In the University of Oxford, Convocation was originally the main governing body of the University, consisting of all doctors and masters of the University, but it now comprises all graduates of the university and its only remaining function is to elect the Chancellor of the University and the Professor of Poetry.[1][2]

At Durham University, the Convocation appoints the Chancellor of the University, most recently the American author Bill Bryson on 4 April 2005.

In the University of London, convocation, between its establishment in 1858 and its abolition in 2003, consisted of the university's graduates who were involved in the university's governance. After 1900, convocation had the power to elect the chancellor.

At some universities and colleges (e.g. University of Chicago, Cornell University, Teachers College, Columbia University, University of Illinois, and most universities in Canada and India), graduation events are called "convocations," as opposed to commencements in other universities. At the University of Toronto, convocation events are held at a specific venue named Convocation Hall. At other universities such as Syracuse University, University of Oklahoma, and University of Utah, graduation ceremonies consist of both a commencement and a convocation with the commencement being the larger, university-wide ceremony and the individual colleges presenting degrees at a convocation.

At other colleges such as University of Cincinnati, California State University, East Bay, Miami University, The University of North Carolina at Chapel Hill, Simpson College, Stanford University, Dartmouth College, The College of William and Mary, and Marymount University, convocation refers to a formal ceremony in which arriving freshmen are welcomed and may sign the College "matricula", a ceremonial parchment that contains the names of all of the students and alumni.

At Liberty University, Convocation is an hour on Mondays, Wednesdays, and Fridays between 10:00am and 11:00am when students gather for Christian worship and a motivational speaker. No classes are held at these times.

At Loyola Marymount University, Convocation is an hour on Tuesdays and Thursdays between 12:00pm and 1:00pm where all the student assemble and no classes are held.[citation needed]

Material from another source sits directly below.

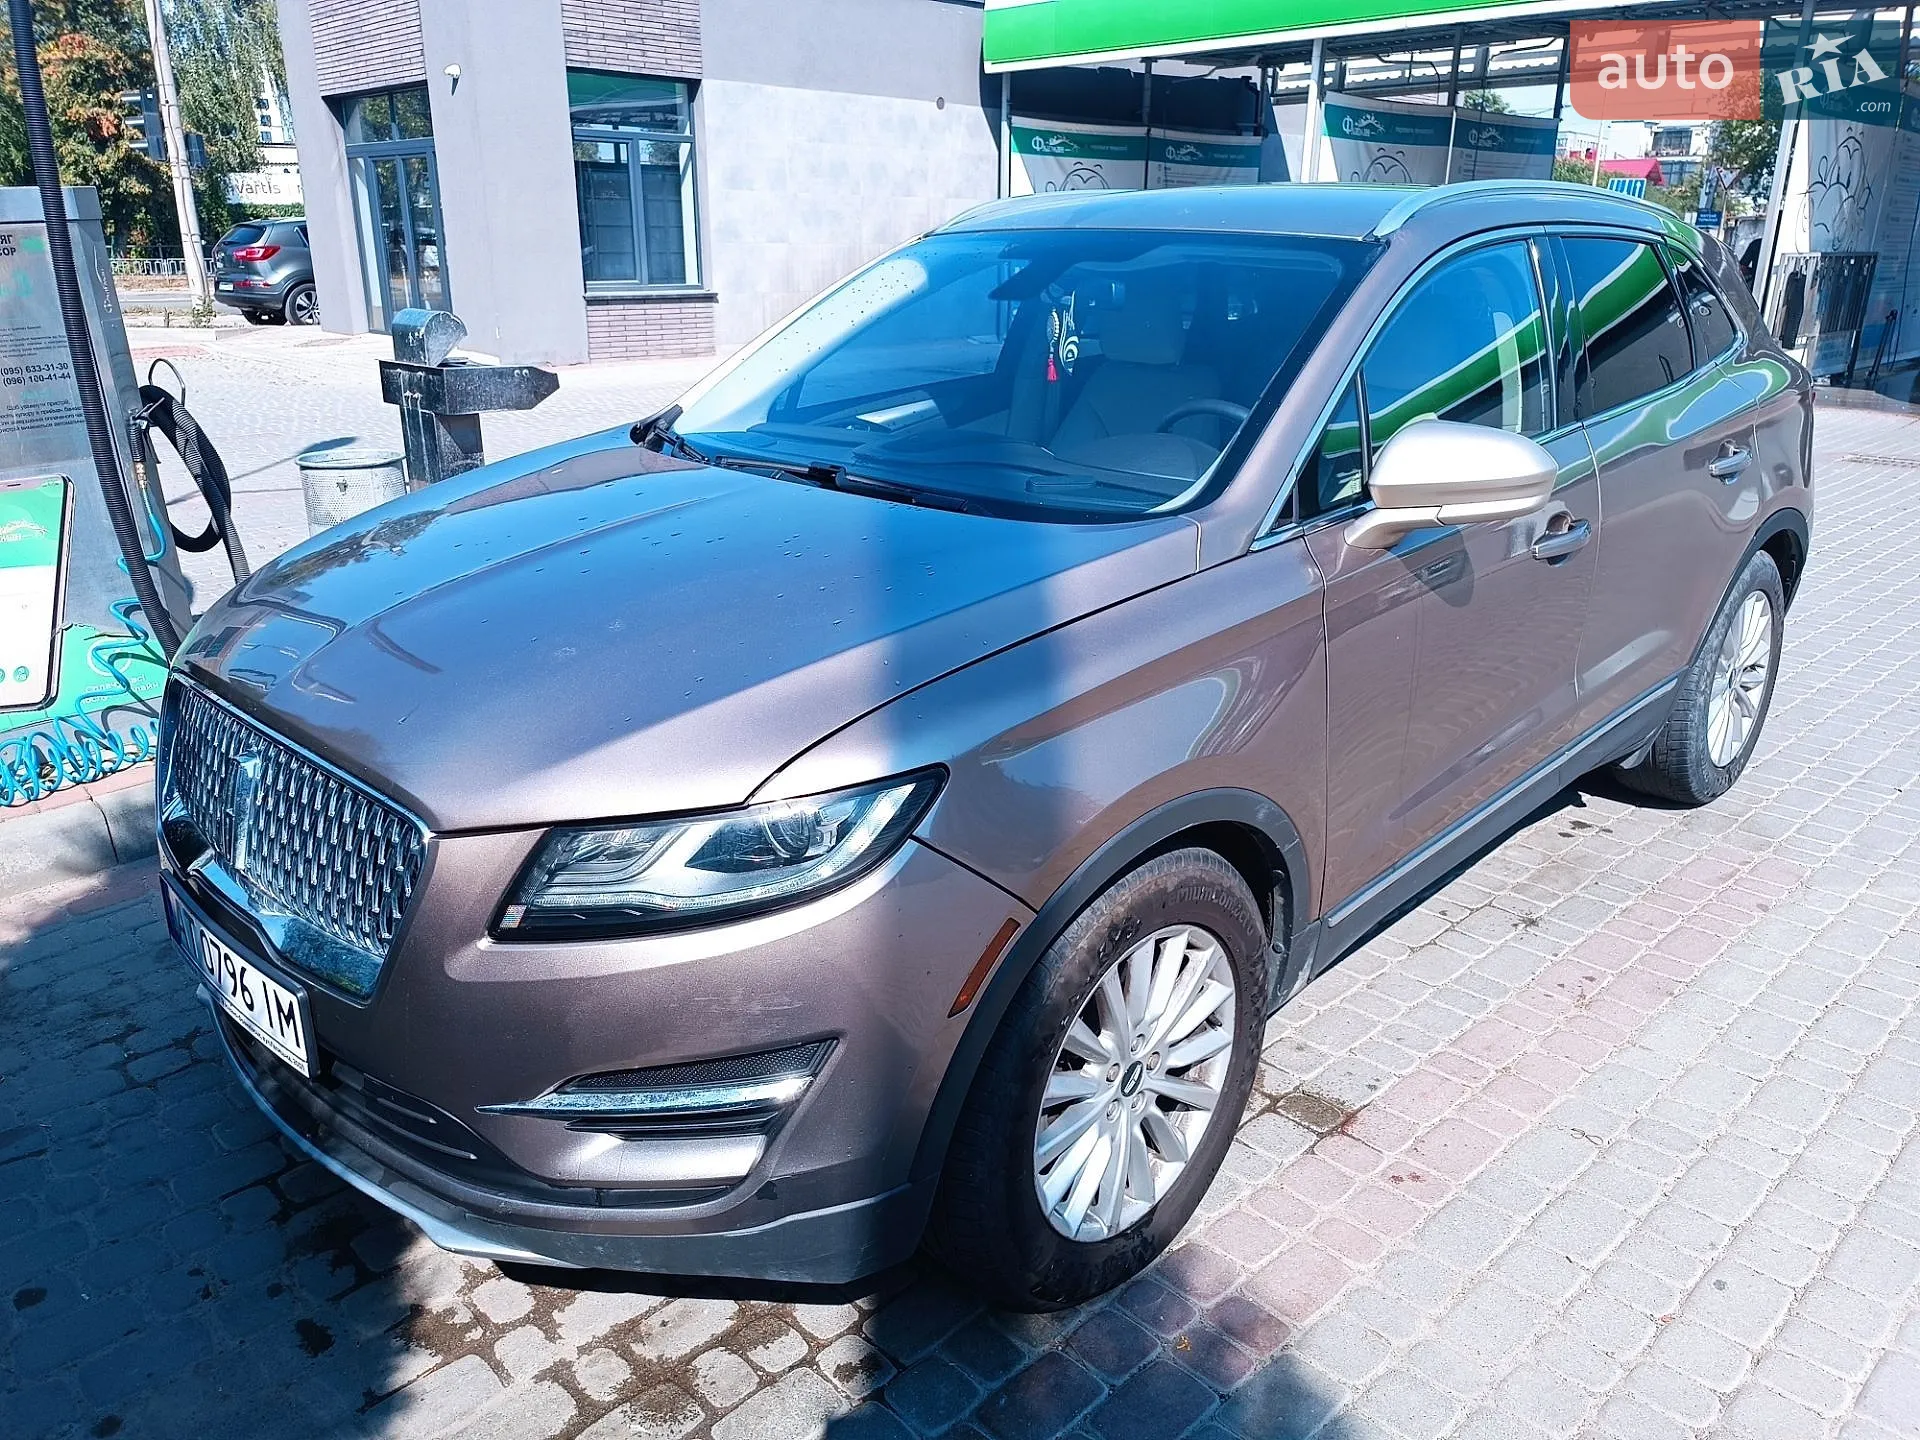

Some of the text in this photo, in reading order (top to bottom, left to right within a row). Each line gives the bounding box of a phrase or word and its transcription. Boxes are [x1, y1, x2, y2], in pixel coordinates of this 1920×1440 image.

[25, 362, 69, 374] 633-31-30
[28, 372, 71, 383] 100-41-44
[200, 928, 255, 1012] 0796
[262, 980, 301, 1049] IM

At Emporia State University, Convocation is an hour on Tuesdays at 10:00am during which music major students perform for each other in student soloist concerts.

New Zealand universities have courts of convocation by which all graduates elect representatives to the institutions' governing bodies.[3][4][5][6][7][8]

Graduation

In many universities throughout the world (including countries such as Canada, Ukraine (National University of Kyiv-Mohyla Academy), Pakistan, India and Sri Lanka) convocation is the university graduation ceremony to award degrees to students and honorary graduates.[9]

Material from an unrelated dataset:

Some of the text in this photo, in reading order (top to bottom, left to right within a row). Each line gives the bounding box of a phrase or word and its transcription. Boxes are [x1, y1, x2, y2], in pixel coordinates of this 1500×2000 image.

Ecclesiastical convocations

Convocation is also a synodical assembly of a church.

It is the name of the assemblies of the two Provinces of the Church of England, the Convocations of Canterbury and York, and various other assemblies of other churches. These two bodies of the Church of England were prorogued by Royal Writ in 1717, because of conflict between Whig Bishops and the clergy in the Bangorian controversy. They were revived in the 19th century, Canterbury in 1852 and York in 1861. They were exclusively clerical assemblies until 1885, when a House of Laity was added to each Convocation. At the beginning of the twentieth century, joint meetings of both Convocations formed a Representative Council which, having no power or legal authority, was superseded in 1920 by the Church Assembly. The Convocations still exist but legal power now rests with the General Synod set up in the 1970s.

Other uses

References

  1. ^ Oxford University Archives: A history of Congregation and Convocation, 5. The mid 20th century.
  2. ^ Oxford University Archives: A history of Congregation and Convocation, 7. The 2000 reforms
  3. ^ "Massey University Act 1963 No 7 (as at 29 November 2010), Public Act – New Zealand Legislation". legislation.govt.nz. 2011 [last update]. http://www.legislation.govt.nz/act/public/1963/0007/latest/whole.html. Retrieved 30 October 2011. "Court of Convocation" 
  4. ^ "University of Waikato Act 1963 No 8 (as at 29 November 2010), Public Act – New Zealand Legislation". legislation.govt.nz. 2011 [last update]. http://www.legislation.govt.nz/act/public/1963/0008/latest/whole.html. Retrieved 30 October 2011. "Court of Convocation" 
  5. ^ "Victoria University of Wellington Act 1961 No 51 (as at 29 November 2010), Public Act – New Zealand Legislation". legislation.govt.nz. 2011 [last update]. http://www.legislation.govt.nz/act/public/1961/0051/latest/whole.html. Retrieved 30 October 2011. "University District and Court of Convocation" 
  6. ^ "Lincoln University Act 1961 No 52 (as at 29 November 2010), Public Act – New Zealand Legislation". legislation.govt.nz. 2011 [last update]. http://www.legislation.govt.nz/act/public/1961/0052/latest/whole.html. Retrieved 30 October 2011. "Court of Convocation" 
  7. ^ "University of Auckland Act 1961 No 50 (as at 29 November 2010), Public Act – New Zealand Legislation". legislation.govt.nz. 2011 [last update]. http://www.legislation.govt.nz/act/public/1961/0050/latest/whole.html. Retrieved 30 October 2011. "University District and Court of Convocation" 
  8. ^ "University of Canterbury Act 1961 No 49 (as at 29 November 2010), Public Act – New Zealand Legislation". legislation.govt.nz. 2011 [last update]. http://www.legislation.govt.nz/act/public/1961/0049/latest/whole.html. Retrieved 30 October 2011. "University District and Court of Convocation" 
  9. ^ Convocation at Memorial University.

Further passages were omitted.